» **WHAT THE TASK REQUIRES**
Nothing but an exact repeat of the data, with pictures removed, belongs in the answer.

-*-

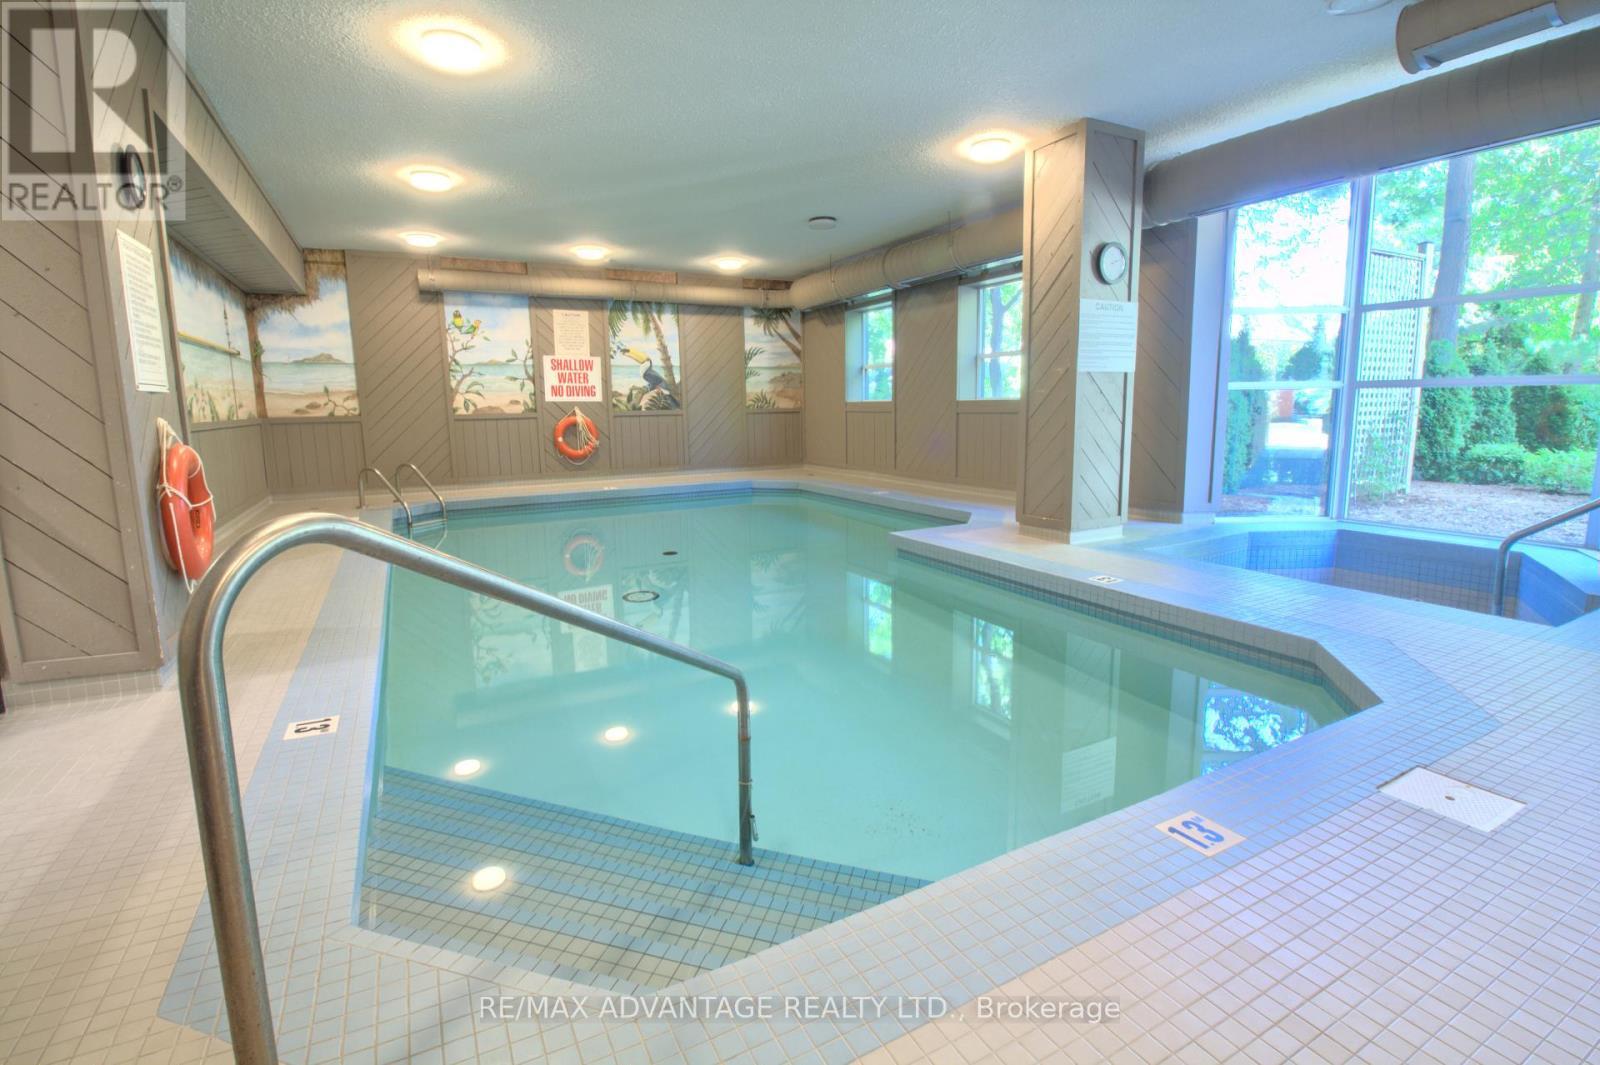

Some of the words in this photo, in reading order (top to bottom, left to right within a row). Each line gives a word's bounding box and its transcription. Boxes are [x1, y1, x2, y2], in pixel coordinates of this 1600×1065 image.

[550, 358, 594, 372] SHALLOW
[557, 372, 589, 384] WATER
[551, 385, 564, 397] NO
[566, 385, 596, 398] DIVING

-*-

» **RESULT OF THE EXERCISE**
Some of the words in this photo, in reading order (top to bottom, left to right within a row). Each line gives a word's bounding box and its transcription. Boxes are [x1, y1, x2, y2], in pixel coordinates of this 1600×1065 image.

[550, 358, 594, 372] SHALLOW
[557, 372, 589, 384] WATER
[551, 385, 564, 397] NO
[566, 385, 596, 398] DIVING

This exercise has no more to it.